Emergency medical services training facility dedicated in North Country
BETHLEHEM — With such speakers as Gov. Maggie Hassan citing the intra-region and intra-state teamwork and cooperation that made the project possible, the Department of Safety has dedicated the Raymond S. Burton North Country Fire and Emergency Medical Services Training Facility.
The first and only satellite of the state’s fire academy in Concord, the NCTF has been a dream for years of North Country fire chiefs who, like Bethlehem’s Jack Anderson, have said that the distance and time required to travel to Concord has placed a significant financial strain on North Country fire departments and their communities.
The desire for a fire-training facility up north eventually reached the ears of Burton, then District 1 Executive Councilor, who did what he did best: talk to people, among them John Barthelmes, the commissioner of the Department of Safety.
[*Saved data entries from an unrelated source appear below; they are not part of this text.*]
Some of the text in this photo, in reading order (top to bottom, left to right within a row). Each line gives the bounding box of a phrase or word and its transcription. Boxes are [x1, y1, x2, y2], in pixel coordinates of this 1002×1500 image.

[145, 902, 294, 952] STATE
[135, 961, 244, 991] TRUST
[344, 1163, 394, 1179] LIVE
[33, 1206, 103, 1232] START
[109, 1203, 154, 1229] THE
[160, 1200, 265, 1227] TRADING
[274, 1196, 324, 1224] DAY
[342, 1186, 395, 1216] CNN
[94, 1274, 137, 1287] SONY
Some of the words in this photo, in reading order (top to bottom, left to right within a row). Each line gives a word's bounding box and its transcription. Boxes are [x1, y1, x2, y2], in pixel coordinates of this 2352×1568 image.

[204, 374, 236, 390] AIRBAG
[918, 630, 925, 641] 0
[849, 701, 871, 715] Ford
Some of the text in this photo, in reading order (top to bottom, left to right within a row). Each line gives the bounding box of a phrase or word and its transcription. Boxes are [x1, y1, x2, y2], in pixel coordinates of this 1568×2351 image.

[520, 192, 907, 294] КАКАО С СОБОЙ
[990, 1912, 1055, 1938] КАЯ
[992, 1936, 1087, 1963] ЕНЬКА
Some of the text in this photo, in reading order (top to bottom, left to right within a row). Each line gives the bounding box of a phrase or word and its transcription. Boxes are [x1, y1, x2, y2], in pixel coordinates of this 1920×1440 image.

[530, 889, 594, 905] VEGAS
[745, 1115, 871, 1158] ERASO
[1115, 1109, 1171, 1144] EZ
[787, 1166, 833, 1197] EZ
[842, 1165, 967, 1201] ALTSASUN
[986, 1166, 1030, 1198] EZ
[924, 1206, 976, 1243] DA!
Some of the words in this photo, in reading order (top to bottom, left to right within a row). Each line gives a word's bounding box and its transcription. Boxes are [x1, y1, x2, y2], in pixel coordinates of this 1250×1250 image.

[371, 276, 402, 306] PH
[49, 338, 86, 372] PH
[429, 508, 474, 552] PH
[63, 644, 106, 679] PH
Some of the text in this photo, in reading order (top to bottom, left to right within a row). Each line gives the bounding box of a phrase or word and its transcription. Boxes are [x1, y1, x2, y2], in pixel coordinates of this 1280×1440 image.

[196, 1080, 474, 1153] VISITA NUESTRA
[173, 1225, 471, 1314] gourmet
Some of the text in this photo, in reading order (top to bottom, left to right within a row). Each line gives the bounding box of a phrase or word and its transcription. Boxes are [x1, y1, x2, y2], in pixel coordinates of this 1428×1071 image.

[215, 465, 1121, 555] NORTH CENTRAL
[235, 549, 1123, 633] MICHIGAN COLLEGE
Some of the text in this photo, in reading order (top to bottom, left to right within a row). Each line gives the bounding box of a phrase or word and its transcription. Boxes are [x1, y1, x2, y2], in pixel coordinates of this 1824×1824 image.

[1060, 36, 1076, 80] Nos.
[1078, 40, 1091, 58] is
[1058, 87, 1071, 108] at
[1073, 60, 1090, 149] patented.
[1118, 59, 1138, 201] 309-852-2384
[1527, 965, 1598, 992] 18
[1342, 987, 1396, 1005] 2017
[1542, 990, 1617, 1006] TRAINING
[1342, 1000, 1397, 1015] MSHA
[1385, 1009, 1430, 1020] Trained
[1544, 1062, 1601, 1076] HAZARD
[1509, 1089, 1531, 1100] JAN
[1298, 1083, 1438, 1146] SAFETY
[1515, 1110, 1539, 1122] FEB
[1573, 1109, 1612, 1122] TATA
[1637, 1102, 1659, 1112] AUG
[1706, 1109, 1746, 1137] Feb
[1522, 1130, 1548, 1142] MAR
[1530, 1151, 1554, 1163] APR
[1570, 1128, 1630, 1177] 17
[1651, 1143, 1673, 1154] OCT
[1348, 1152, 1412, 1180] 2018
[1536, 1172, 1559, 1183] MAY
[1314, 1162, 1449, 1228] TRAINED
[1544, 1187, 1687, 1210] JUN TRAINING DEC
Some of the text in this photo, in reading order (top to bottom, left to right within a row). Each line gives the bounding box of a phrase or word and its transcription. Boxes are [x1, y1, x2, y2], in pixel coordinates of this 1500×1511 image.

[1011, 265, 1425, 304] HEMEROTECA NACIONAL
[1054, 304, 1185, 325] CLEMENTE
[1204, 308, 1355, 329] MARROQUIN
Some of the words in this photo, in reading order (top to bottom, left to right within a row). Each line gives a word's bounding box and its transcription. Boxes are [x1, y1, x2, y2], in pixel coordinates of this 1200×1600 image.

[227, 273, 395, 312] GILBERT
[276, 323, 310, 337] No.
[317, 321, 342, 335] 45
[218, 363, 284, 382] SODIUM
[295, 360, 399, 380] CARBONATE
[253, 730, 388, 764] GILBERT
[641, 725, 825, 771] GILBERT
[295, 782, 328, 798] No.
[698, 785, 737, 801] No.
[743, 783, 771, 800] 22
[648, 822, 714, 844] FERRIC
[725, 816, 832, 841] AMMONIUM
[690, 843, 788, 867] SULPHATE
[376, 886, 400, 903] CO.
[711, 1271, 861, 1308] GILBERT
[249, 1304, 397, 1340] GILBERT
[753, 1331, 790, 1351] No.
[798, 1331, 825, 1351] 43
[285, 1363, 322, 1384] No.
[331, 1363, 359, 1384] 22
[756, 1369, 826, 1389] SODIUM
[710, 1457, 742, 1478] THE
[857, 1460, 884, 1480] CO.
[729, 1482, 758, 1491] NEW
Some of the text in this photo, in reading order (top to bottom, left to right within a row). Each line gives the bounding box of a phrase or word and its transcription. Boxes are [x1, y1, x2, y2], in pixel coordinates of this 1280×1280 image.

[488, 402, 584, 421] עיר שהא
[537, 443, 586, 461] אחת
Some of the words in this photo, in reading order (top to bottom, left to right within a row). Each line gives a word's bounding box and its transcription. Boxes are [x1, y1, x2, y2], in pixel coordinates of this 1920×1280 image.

In turn, Barthelmes reached out to North Country fire chiefs and, three years later, the result is the NCTF which was dedicated on Aug. 8 amid pomp and ceremony. The facility sits on a 12.1 acre-site on Trudeau Road that had previously been owned by the U.S. Department of Agriculture and was used to support its operations in the nearby White Mountain National Forest.
Deb Pendergast, director of the Division of Fire Standards and Training and Emergency Medical Services, said the NCTF represents more than 1,200 hours of volunteer labor in addition to numerous in-kind contributions, “and I think we would agree but that’s what we’re all about in New Hampshire.”
Barthelmes echoed the importance of volunteers in making the NCTF a reality, saying that while the state was a partner in the project, its real drivers were the North Country fire chiefs and officials who saw it through from inception to completion.
The commissioner thanked Perry Plummer, who previously served as director of Fire Standards and Training and Emergency Medical Services, as well as Anderson, the project superintendent, and Sugar Hill Fire Chief Allan Clark for their efforts on behalf of the NCTF.
Clark, said Barthelmes, was the “doubting Thomas” without whose realistic perspective as to the challenges involved in bringing the NCTF to life, “we might not be here.”
Hassan said it was appropriate that the NCTF is named after Burton, who passed away Nov. 12, 2013, from liver cancer, because Burton spent his public career standing up and fighting for the North Country. She added that the first responsibility of a governor is to ensure public safety, adding that the NCTF will help greatly in that regard.
Joe Kenney, who won a special election to fill the balance of Burton’s term on the Executive Council, said the NCTF is “not just a fire academy” but a comprehensive public-safety training facility for the North Country.
Clark told the audience, which was comprised mainly of fire officials and law makers, that he “never thought we’d be here” for the NCTF dedication.
“This didn’t happen because of one, single person,” said Clark, who joked that while Burton would often ask what he could do to help, he was told “No, we’re holding you back for when things go really bad,” a scenario that never actually arose.
The NCTF is “going to get a lot of use,” said Clark, “and it’s going to make a difference.”
Anderson said the NCTF got “tremendous support from Concord,” including from both Plummer and Pendergast, each of whom came up to Bethlehem to do volunteer work.